Comparison of the morphological transforming activities of fjord-region pahs with dibenzo[a,e]pyrene and benzo[a]pyrene

The morphological transforming activities in mouse embryo C3H10T1/2CL8 (C3H10T1/2) cells were examined for six PAHs: benzo[c]chrysene (B[c]C); benzo[g]chrysene (B[g]C); benzo[c]phenanthrene (B[c]P); dibenzo[a,l]pyrene (DB[a,l]P); dibenzo[a,e]pyrene (DB[a,e]P) and benzo[a]pyrene (B[a]P).
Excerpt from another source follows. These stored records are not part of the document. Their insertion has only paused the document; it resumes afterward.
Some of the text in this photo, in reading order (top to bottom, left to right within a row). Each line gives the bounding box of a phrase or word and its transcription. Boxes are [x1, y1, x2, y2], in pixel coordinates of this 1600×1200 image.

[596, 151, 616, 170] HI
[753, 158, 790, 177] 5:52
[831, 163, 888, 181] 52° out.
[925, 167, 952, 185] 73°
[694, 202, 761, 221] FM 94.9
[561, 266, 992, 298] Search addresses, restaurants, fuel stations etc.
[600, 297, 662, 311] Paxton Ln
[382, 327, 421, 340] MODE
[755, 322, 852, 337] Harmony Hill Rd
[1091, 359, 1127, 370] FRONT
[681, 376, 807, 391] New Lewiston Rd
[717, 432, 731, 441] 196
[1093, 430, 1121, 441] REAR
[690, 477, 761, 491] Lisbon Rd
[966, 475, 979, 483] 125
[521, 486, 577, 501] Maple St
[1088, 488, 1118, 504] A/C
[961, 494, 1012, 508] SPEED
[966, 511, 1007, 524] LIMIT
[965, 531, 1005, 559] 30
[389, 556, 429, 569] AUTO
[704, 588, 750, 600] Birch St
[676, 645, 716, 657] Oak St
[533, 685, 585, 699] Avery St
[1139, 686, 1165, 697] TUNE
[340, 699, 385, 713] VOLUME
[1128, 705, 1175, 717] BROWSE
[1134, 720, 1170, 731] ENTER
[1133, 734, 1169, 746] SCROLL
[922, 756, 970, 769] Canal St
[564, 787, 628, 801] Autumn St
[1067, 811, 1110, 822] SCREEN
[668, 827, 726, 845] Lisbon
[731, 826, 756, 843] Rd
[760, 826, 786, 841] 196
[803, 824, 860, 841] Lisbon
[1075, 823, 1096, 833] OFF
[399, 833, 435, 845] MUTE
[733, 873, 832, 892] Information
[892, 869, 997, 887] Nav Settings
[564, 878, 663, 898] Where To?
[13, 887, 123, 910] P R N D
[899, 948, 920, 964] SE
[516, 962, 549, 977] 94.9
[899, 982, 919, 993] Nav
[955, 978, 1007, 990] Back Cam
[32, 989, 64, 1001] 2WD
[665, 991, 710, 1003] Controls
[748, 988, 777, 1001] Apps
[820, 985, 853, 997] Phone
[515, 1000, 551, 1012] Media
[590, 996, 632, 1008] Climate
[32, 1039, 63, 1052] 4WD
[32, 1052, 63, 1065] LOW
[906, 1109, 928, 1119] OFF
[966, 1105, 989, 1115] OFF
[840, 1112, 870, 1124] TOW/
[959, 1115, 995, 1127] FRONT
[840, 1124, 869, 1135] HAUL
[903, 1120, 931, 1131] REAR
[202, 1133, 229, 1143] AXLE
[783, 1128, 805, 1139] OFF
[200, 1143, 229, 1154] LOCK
C3H10T1/2 cells treated with B[c]P or B[g]C at concentrations of 0-3 μg/ml did not produce any transformed Type II or III foci after 24 hr of exposure. Concurrent cytotoxicity was observed. Under the same conditions, B[a]P and B[c]C were active, with B[c]C approximately one-half the activity of B[a]P. However, after a 48-hr treatment, B[c]P and B[g]C gave significant activity measured as both foci/dish or the number of dishes exhibiting foci. After a 24-hr treatment, comparison of B[a]P with two dibenzopyrenes, DB[a,l]P and DB[a,e]P, gave activities in the order: DB[a,l]P > B[a]P > DB[a,e]P. After 48 hr of treatment, both B[a]P and DB[a,e]P had similar activities.